State-dependent Gaussian kernel-based power spectrum modification for accurate instantaneous heart rate estimation.

Abstract

Accurate estimation of the instantaneous heart rate (HR) using a reflectance-type photoplethysmography (PPG) sensor is challenging because the dominant frequency observed in the PPG signal corrupted by motion artifacts (MAs) does not usually overlap the true HR, especially during high-intensity exercise. Recent studies have proposed various MA cancellation and HR estimation algorithms that use simultaneously measured acceleration signals as noise references for accurate HR estimation. These algorithms provide accurate results with a mean absolute error (MAE) of approximately 2 beats per minute (bpm). However, some of their results deviate significantly from the true HRs by more than 5 bpm.
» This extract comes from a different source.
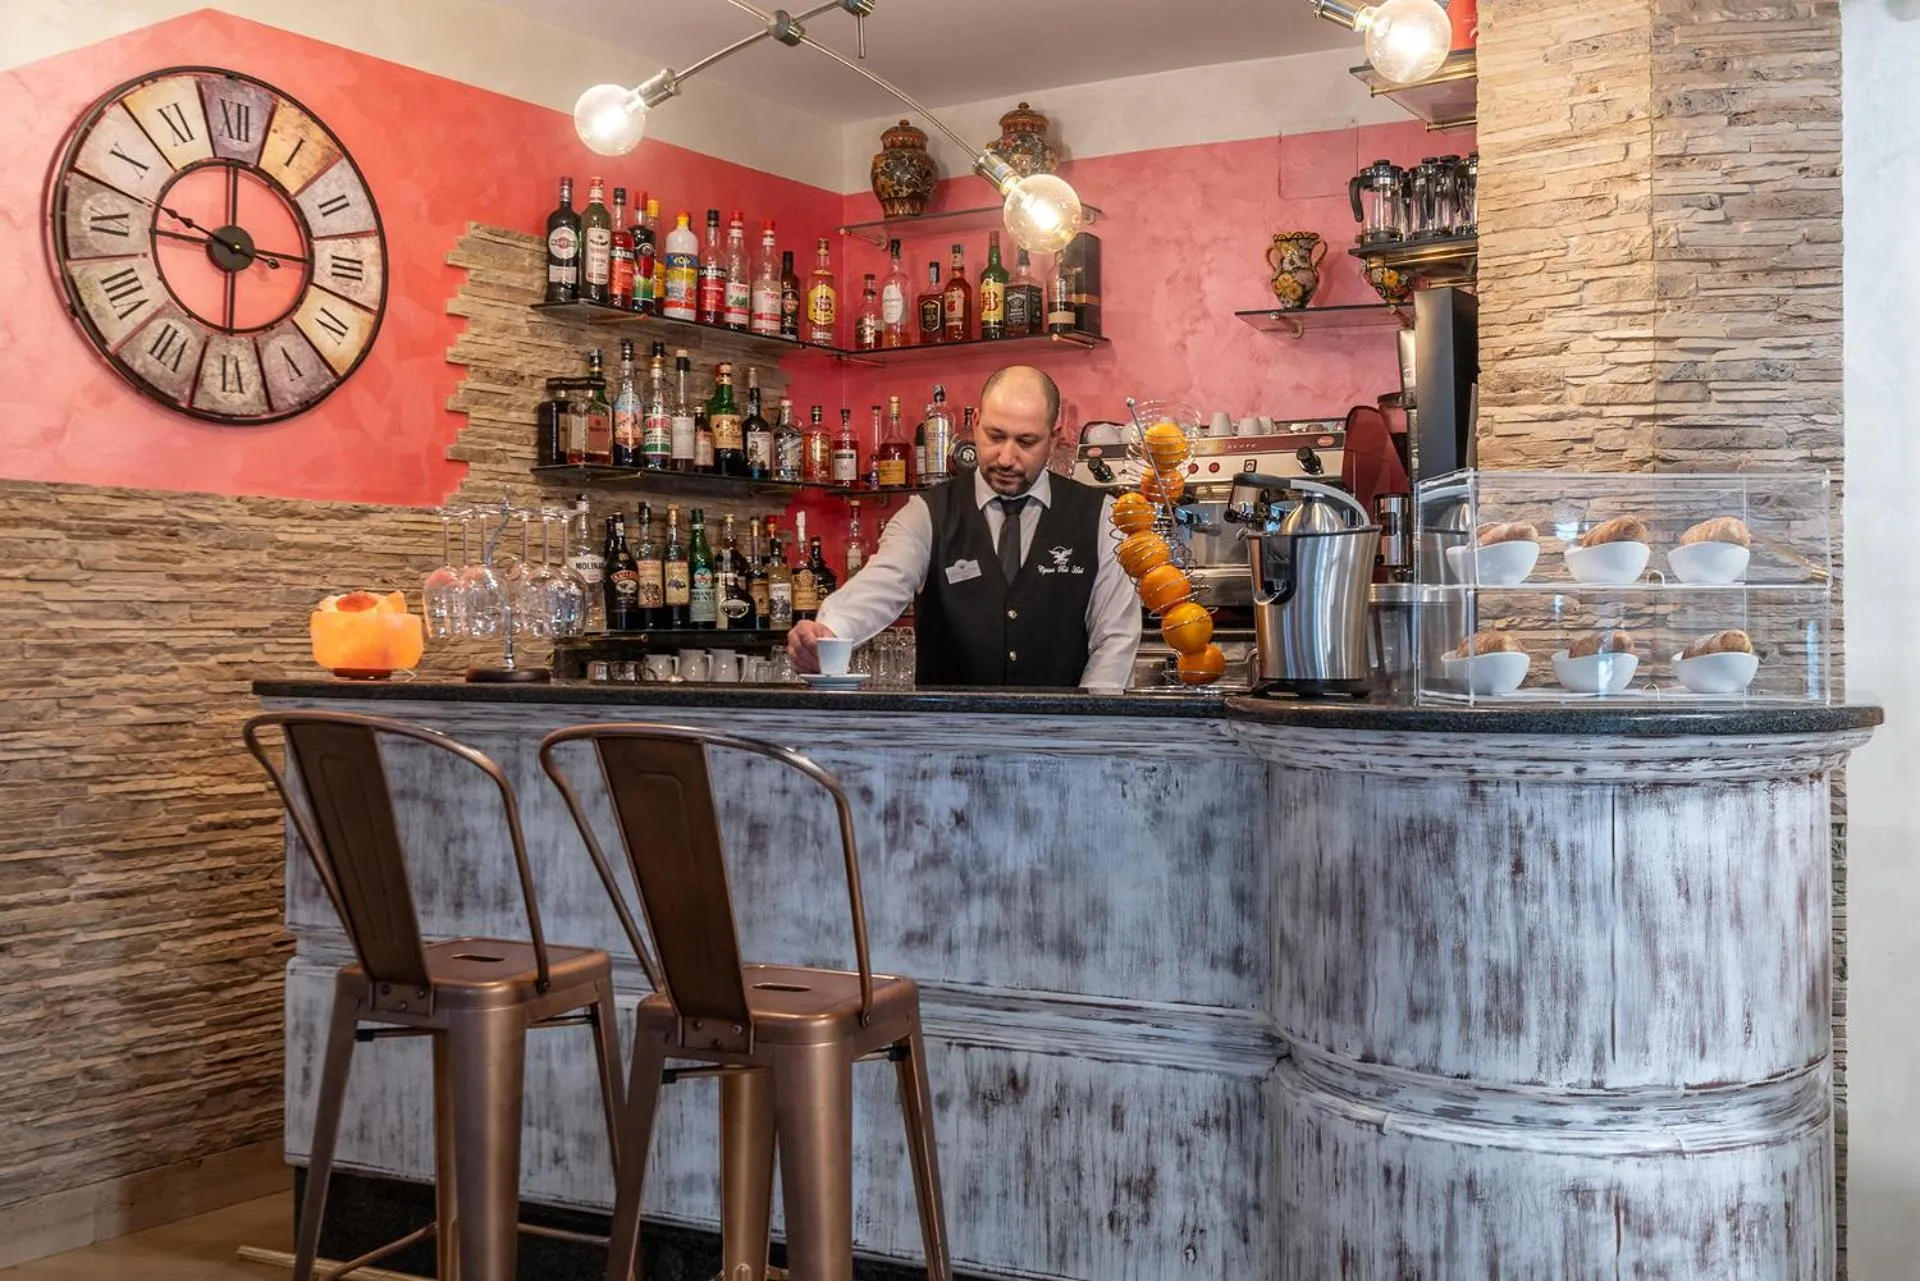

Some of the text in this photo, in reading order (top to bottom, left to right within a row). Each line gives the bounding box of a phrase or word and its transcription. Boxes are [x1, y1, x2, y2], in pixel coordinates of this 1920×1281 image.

To overcome this problem, the present study modifies the power spectrum of the PPG signal by emphasizing the power of the frequency corresponding to the true HR. The modified power spectrum is obtained using a Gaussian kernel function and a previous estimate of the instantaneous HR. Because the modification is effective only when the previous estimate is accurate, a recently reported finite state machine framework is used for real-time validation of each instantaneous HR result. The power spectrum of the PPG signal is modified only when the previous estimate is validated. Finally, the proposed algorithm is verified by rigorous comparison of its results with those of existing algorithms using the ISPC dataset (n = 23). Compared to the method without MA cancellation, the proposed algorithm decreases the MAE value significantly from 6.73 bpm to 1.20 bpm (p < 0.001). Furthermore, the resultant MAE value is lower than that obtained by any other state-of-the-art method. Significant reduction (from 10.89 bpm to 2.14 bpm, p < 0.001) is also shown in a separate experiment with 24 subjects.